** MATERIAL FOR THIS EXERCISE follows **
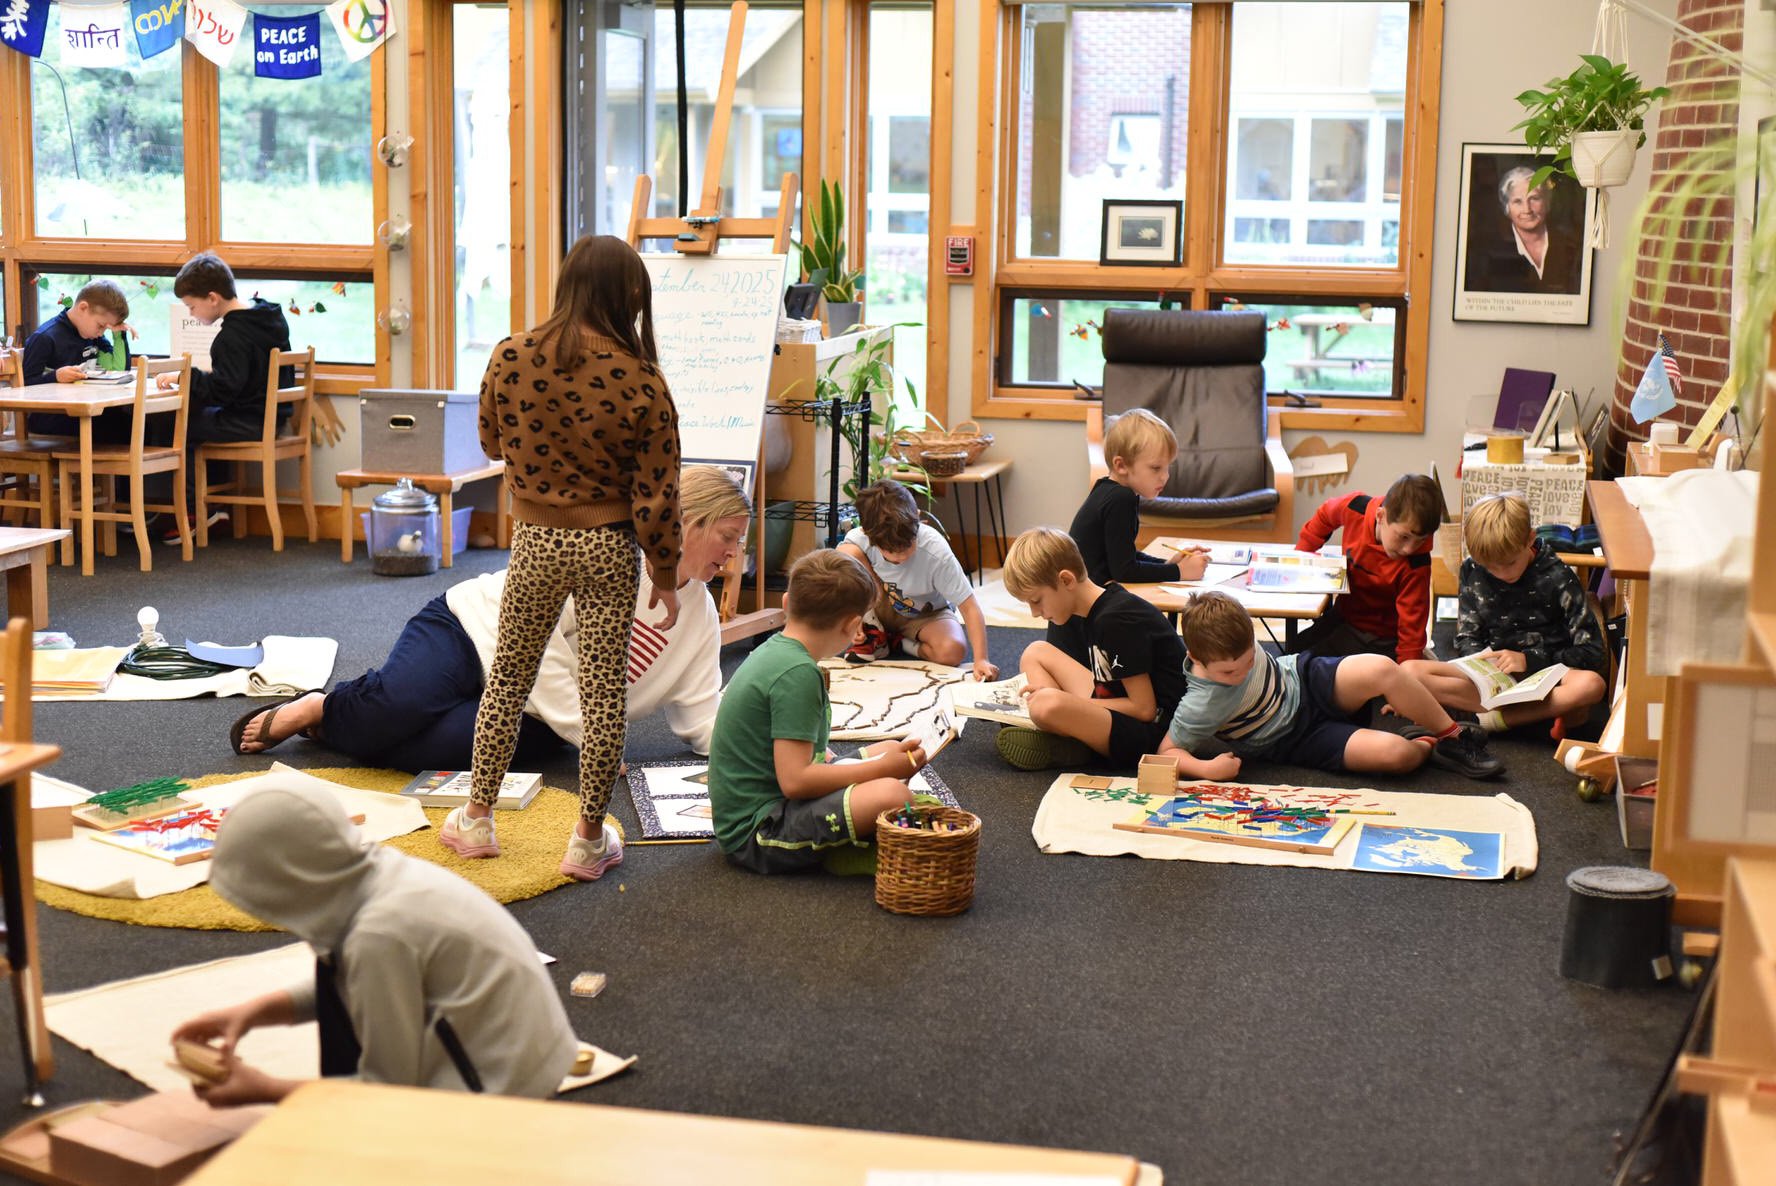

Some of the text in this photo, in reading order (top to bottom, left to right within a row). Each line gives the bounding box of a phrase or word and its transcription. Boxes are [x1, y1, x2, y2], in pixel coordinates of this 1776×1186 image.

[64, 23, 121, 50] शान्ति
[261, 26, 307, 45] PEACE
[257, 45, 318, 65] on Earth
[948, 238, 969, 247] FIRE
[1462, 469, 1500, 484] PEACE
[1546, 478, 1584, 492] PEACE
** End of MATERIAL FOR THIS EXERCISE **
→ WHAT THIS TASK INVOLVES
Your answer must be an exact transcription of the records above, minus the pictures.

→ SOLUTION TO THE EXERCISE
Some of the text in this photo, in reading order (top to bottom, left to right within a row). Each line gives the bounding box of a phrase or word and its transcription. Boxes are [x1, y1, x2, y2], in pixel coordinates of this 1776×1186 image.

[64, 23, 121, 50] शान्ति
[261, 26, 307, 45] PEACE
[257, 45, 318, 65] on Earth
[948, 238, 969, 247] FIRE
[1462, 469, 1500, 484] PEACE
[1546, 478, 1584, 492] PEACE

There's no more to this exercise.